Extracted material

——————————

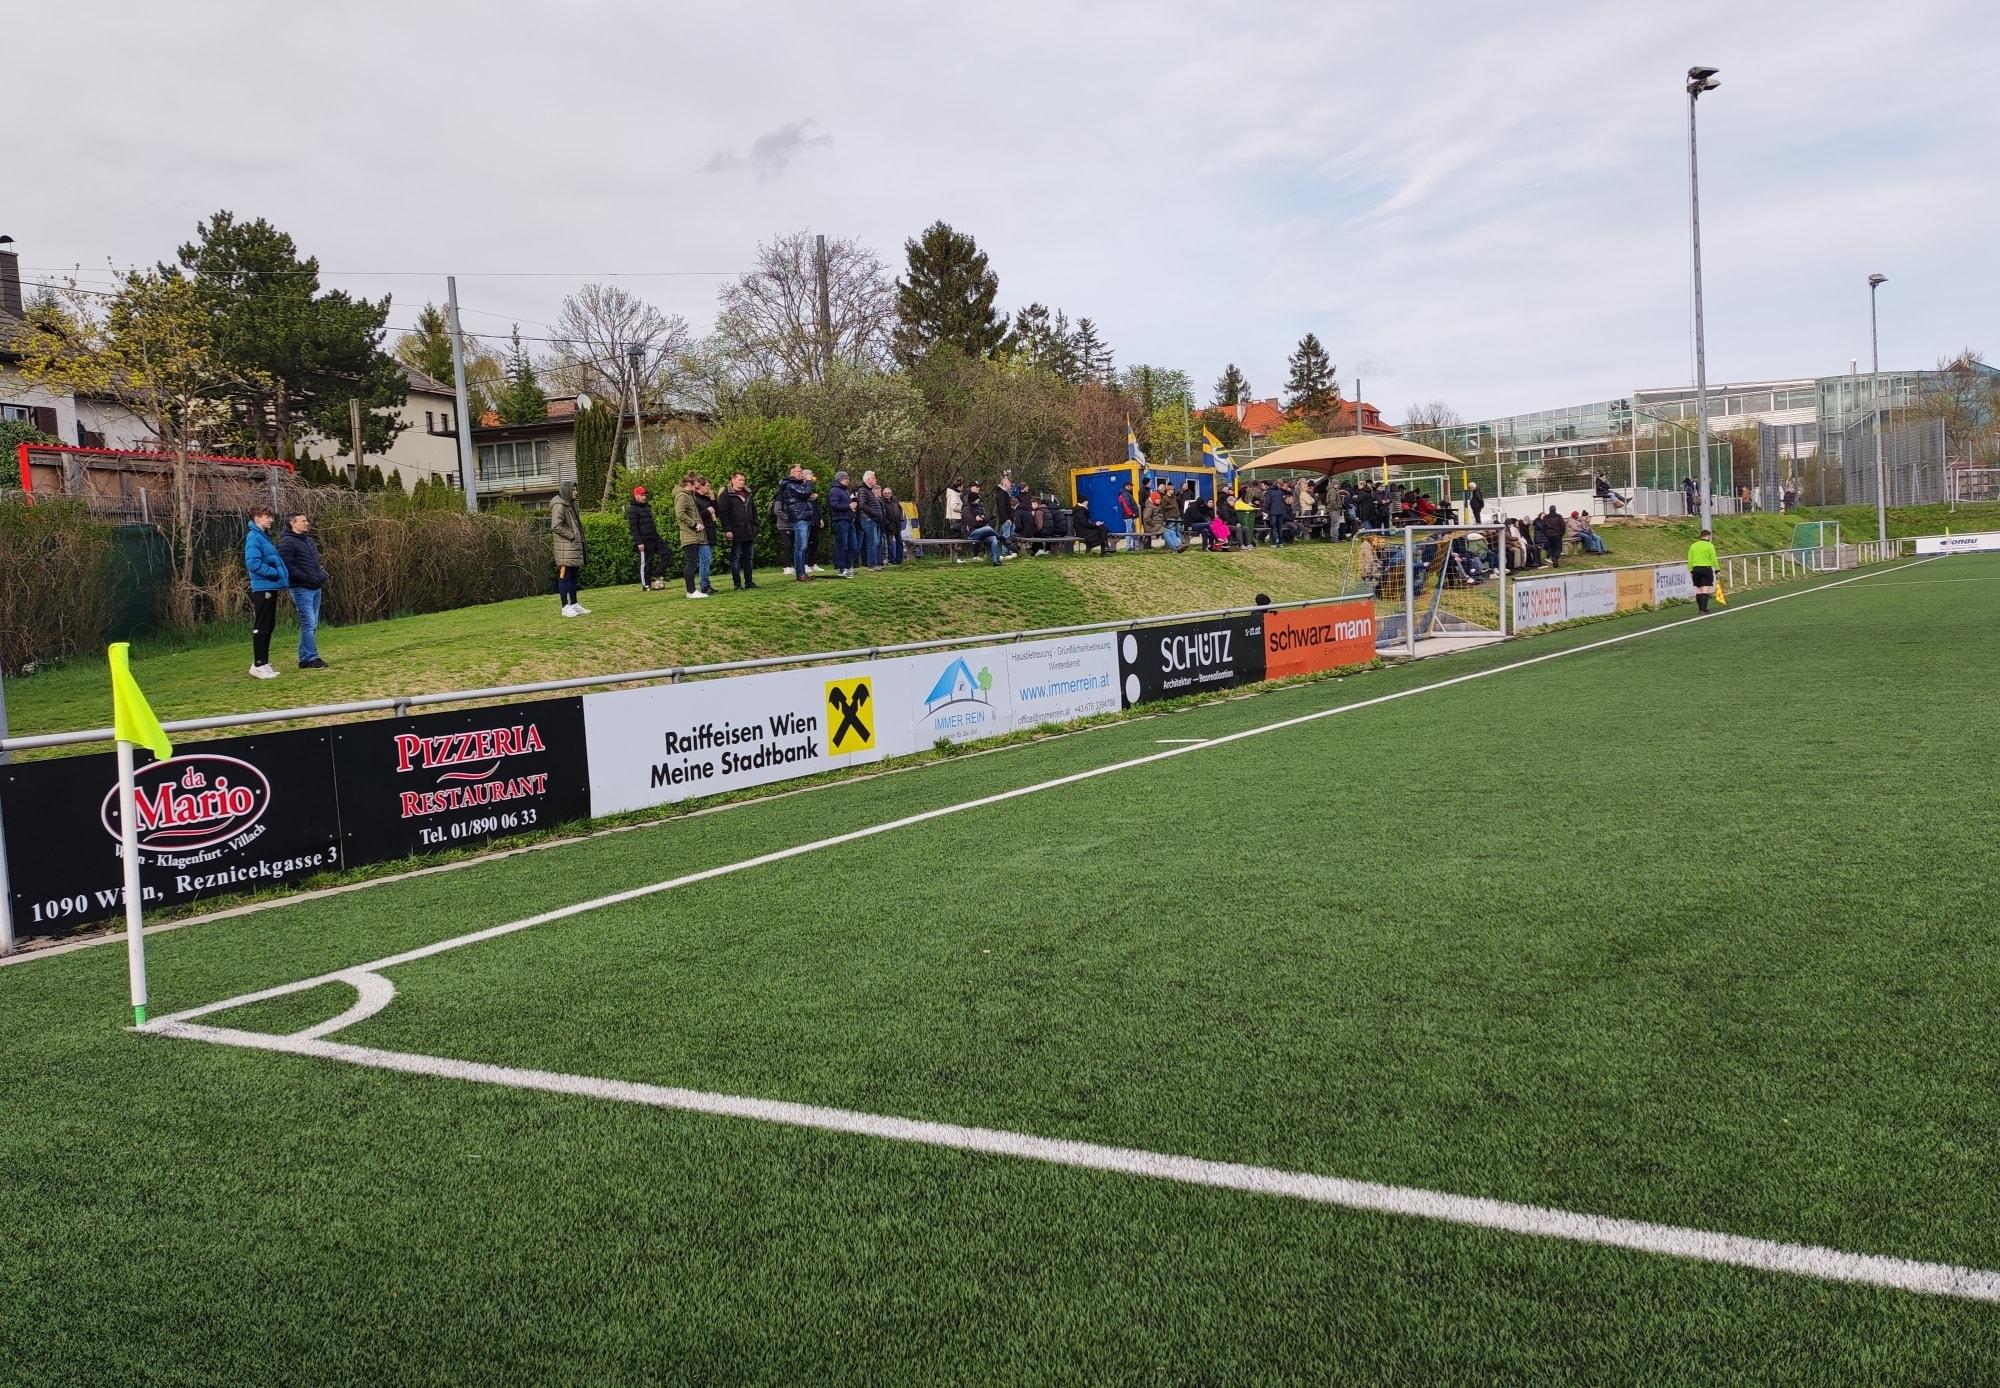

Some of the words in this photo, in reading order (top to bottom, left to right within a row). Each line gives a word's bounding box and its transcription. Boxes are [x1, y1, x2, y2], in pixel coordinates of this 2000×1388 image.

[1160, 629, 1233, 673] SCHÜTZ
[1019, 672, 1110, 701] www.immerrein.at
[665, 722, 764, 755] Raiffeisen
[769, 712, 818, 737] Wien
[934, 714, 963, 730] IMMER
[965, 710, 985, 725] REIN
[394, 723, 546, 773] PIZZERIA
[650, 758, 714, 789] Meine
[721, 736, 819, 775] Stadtbank
[182, 766, 206, 789] da
[399, 773, 548, 818] RESTAURANT
[133, 776, 254, 832] Mario
[156, 849, 222, 870] Klagenfurt
[228, 823, 267, 851] Villach
[419, 826, 448, 845] Tel.
[451, 815, 498, 839] 01/890
[501, 812, 518, 829] 06
[521, 808, 537, 826] 33
[31, 894, 89, 923] 1090
[94, 885, 164, 909] Win,
[175, 852, 323, 895] Reznicekgasse
[327, 846, 338, 863] 3
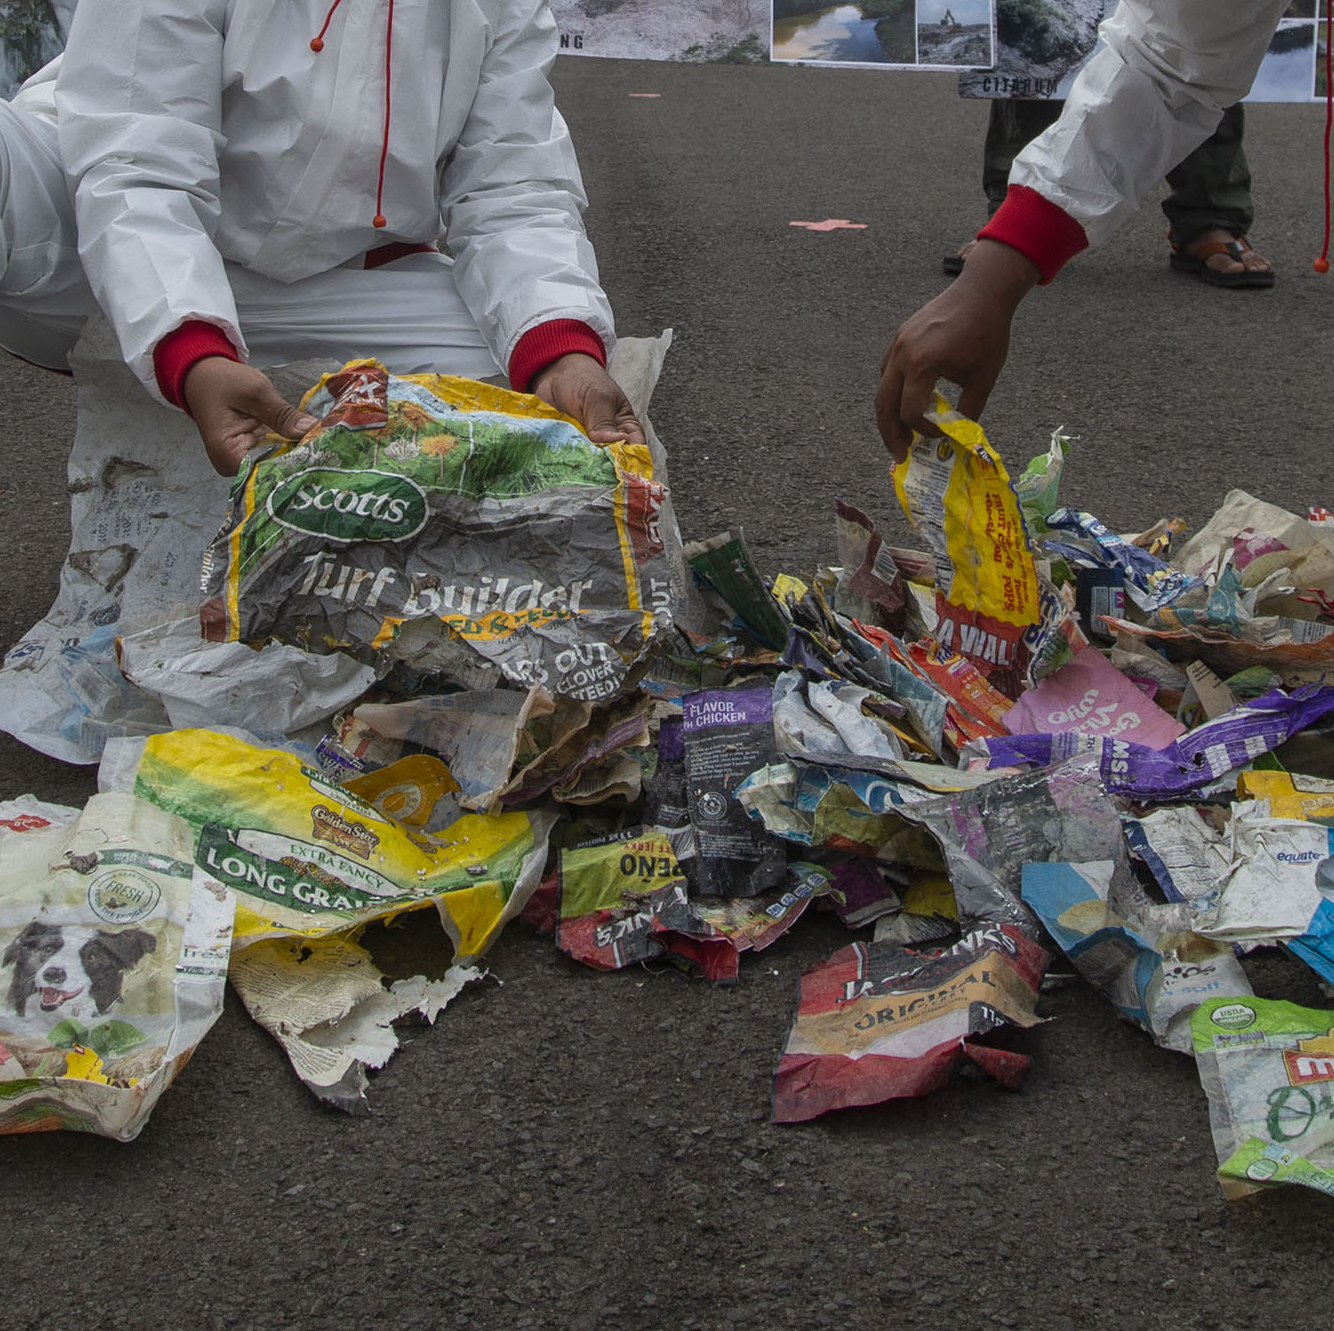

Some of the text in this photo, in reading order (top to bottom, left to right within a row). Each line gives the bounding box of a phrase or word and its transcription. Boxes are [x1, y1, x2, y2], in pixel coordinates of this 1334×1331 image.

[290, 482, 411, 525] Scotts
[298, 550, 595, 616] Turf Builder
[555, 642, 611, 674] OUT
[690, 701, 734, 717] FLAVOR
[696, 711, 747, 727] CHICKEN
[314, 807, 378, 848] Golden Star
[290, 844, 385, 890] EXTRA FANCY
[620, 853, 685, 883] PEÑO
[1277, 850, 1320, 864] equate
[105, 881, 145, 904] FRESH
[206, 847, 367, 911] LONG GRAI
[1220, 1008, 1245, 1017] USDA
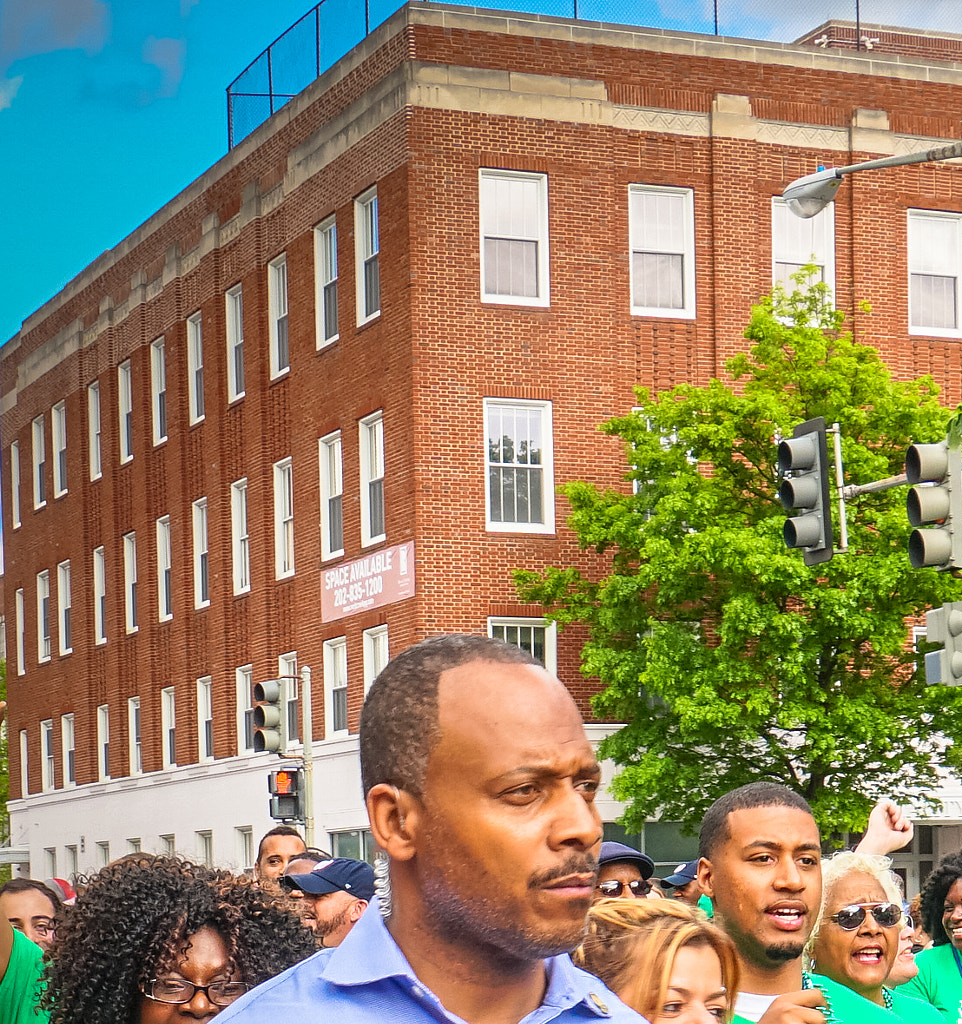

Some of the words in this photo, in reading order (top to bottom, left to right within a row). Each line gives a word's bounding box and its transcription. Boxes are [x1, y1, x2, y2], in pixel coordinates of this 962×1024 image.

[325, 565, 350, 590] SPACE
[350, 551, 393, 583] AVAILABLE
[333, 576, 383, 608] 202-835-1200
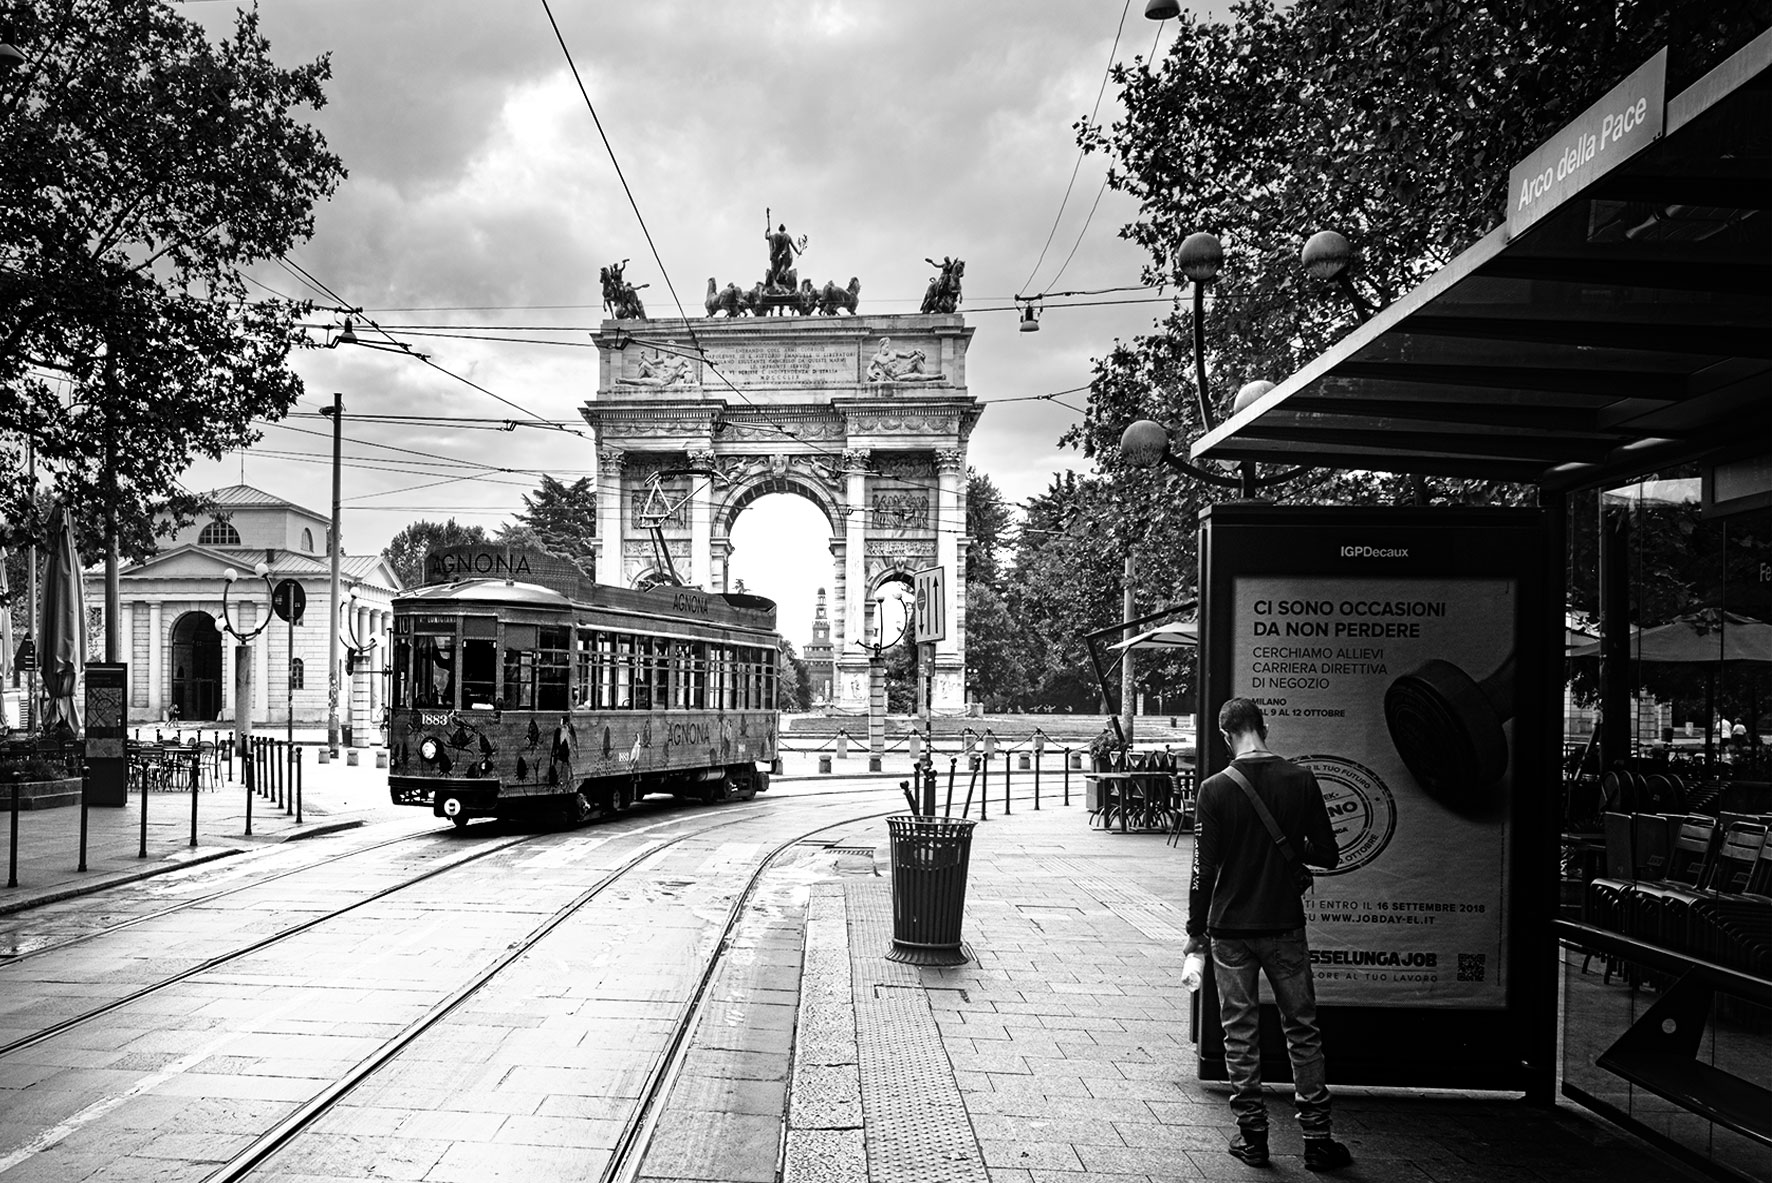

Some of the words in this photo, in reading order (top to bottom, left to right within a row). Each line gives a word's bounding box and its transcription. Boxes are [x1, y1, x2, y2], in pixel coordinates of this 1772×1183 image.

[1517, 167, 1553, 211] Arco
[1556, 132, 1596, 181] della
[1600, 97, 1647, 151] Pace
[1340, 545, 1409, 558] IGPDecaux
[433, 553, 531, 574] AGNONA
[672, 593, 708, 615] AGNONA
[1254, 600, 1272, 615] CI
[1278, 600, 1334, 615] SONO
[1339, 601, 1446, 617] OCCASIONI
[1254, 622, 1280, 636] DA
[1286, 622, 1329, 637] NON
[1335, 622, 1420, 638] PERDERE
[1252, 647, 1333, 659] CERCHIAMO
[1336, 648, 1384, 660] ALLIEVI
[1252, 662, 1317, 674] CARRIERA
[1321, 663, 1388, 675] DIRETTIVA
[1252, 677, 1265, 688] DI
[1269, 677, 1330, 689] NEGOZIO
[1252, 697, 1287, 706] MILANO
[422, 713, 448, 726] 1883
[1270, 708, 1277, 717] 9
[1278, 708, 1290, 717] AL
[1292, 708, 1302, 717] 12
[1303, 708, 1346, 718] OTTOBRE
[668, 723, 710, 746] AGNONA
[1322, 764, 1341, 773] TUO
[1341, 769, 1371, 790] FUTURO
[1345, 834, 1379, 861] OTTOBRE
[1319, 900, 1359, 910] ENTRO
[1362, 901, 1372, 910] IL
[1377, 902, 1389, 911] 16
[1392, 902, 1456, 912] SETTEMBRE
[1459, 903, 1486, 913] 2018
[1321, 914, 1436, 925] WWW.JOBDAY-EL.IT
[1345, 972, 1359, 980] AL
[1365, 973, 1388, 981] TUO
[1393, 974, 1438, 982] LAVORO

——————————

Work item
All of the entries, apart from the pictures, must be returned exactly.

Written answer
Some of the words in this photo, in reading order (top to bottom, left to right within a row). Each line gives a word's bounding box and its transcription. Boxes are [x1, y1, x2, y2], in pixel coordinates of this 2000×1388 image.

[1160, 629, 1233, 673] SCHÜTZ
[1019, 672, 1110, 701] www.immerrein.at
[665, 722, 764, 755] Raiffeisen
[769, 712, 818, 737] Wien
[934, 714, 963, 730] IMMER
[965, 710, 985, 725] REIN
[394, 723, 546, 773] PIZZERIA
[650, 758, 714, 789] Meine
[721, 736, 819, 775] Stadtbank
[182, 766, 206, 789] da
[399, 773, 548, 818] RESTAURANT
[133, 776, 254, 832] Mario
[156, 849, 222, 870] Klagenfurt
[228, 823, 267, 851] Villach
[419, 826, 448, 845] Tel.
[451, 815, 498, 839] 01/890
[501, 812, 518, 829] 06
[521, 808, 537, 826] 33
[31, 894, 89, 923] 1090
[94, 885, 164, 909] Win,
[175, 852, 323, 895] Reznicekgasse
[327, 846, 338, 863] 3

Some of the text in this photo, in reading order (top to bottom, left to right within a row). Each line gives the bounding box of a phrase or word and its transcription. Boxes are [x1, y1, x2, y2], in pixel coordinates of this 1334×1331 image.

[290, 482, 411, 525] Scotts
[298, 550, 595, 616] Turf Builder
[555, 642, 611, 674] OUT
[690, 701, 734, 717] FLAVOR
[696, 711, 747, 727] CHICKEN
[314, 807, 378, 848] Golden Star
[290, 844, 385, 890] EXTRA FANCY
[620, 853, 685, 883] PEÑO
[1277, 850, 1320, 864] equate
[105, 881, 145, 904] FRESH
[206, 847, 367, 911] LONG GRAI
[1220, 1008, 1245, 1017] USDA

Some of the words in this photo, in reading order (top to bottom, left to right within a row). Each line gives a word's bounding box and its transcription. Boxes are [x1, y1, x2, y2], in pixel coordinates of this 962×1024 image.

[325, 565, 350, 590] SPACE
[350, 551, 393, 583] AVAILABLE
[333, 576, 383, 608] 202-835-1200

Some of the words in this photo, in reading order (top to bottom, left to right within a row). Each line gives a word's bounding box and its transcription. Boxes are [x1, y1, x2, y2], in pixel coordinates of this 1772×1183 image.

[1517, 167, 1553, 211] Arco
[1556, 132, 1596, 181] della
[1600, 97, 1647, 151] Pace
[1340, 545, 1409, 558] IGPDecaux
[433, 553, 531, 574] AGNONA
[672, 593, 708, 615] AGNONA
[1254, 600, 1272, 615] CI
[1278, 600, 1334, 615] SONO
[1339, 601, 1446, 617] OCCASIONI
[1254, 622, 1280, 636] DA
[1286, 622, 1329, 637] NON
[1335, 622, 1420, 638] PERDERE
[1252, 647, 1333, 659] CERCHIAMO
[1336, 648, 1384, 660] ALLIEVI
[1252, 662, 1317, 674] CARRIERA
[1321, 663, 1388, 675] DIRETTIVA
[1252, 677, 1265, 688] DI
[1269, 677, 1330, 689] NEGOZIO
[1252, 697, 1287, 706] MILANO
[422, 713, 448, 726] 1883
[1270, 708, 1277, 717] 9
[1278, 708, 1290, 717] AL
[1292, 708, 1302, 717] 12
[1303, 708, 1346, 718] OTTOBRE
[668, 723, 710, 746] AGNONA
[1322, 764, 1341, 773] TUO
[1341, 769, 1371, 790] FUTURO
[1345, 834, 1379, 861] OTTOBRE
[1319, 900, 1359, 910] ENTRO
[1362, 901, 1372, 910] IL
[1377, 902, 1389, 911] 16
[1392, 902, 1456, 912] SETTEMBRE
[1459, 903, 1486, 913] 2018
[1321, 914, 1436, 925] WWW.JOBDAY-EL.IT
[1345, 972, 1359, 980] AL
[1365, 973, 1388, 981] TUO
[1393, 974, 1438, 982] LAVORO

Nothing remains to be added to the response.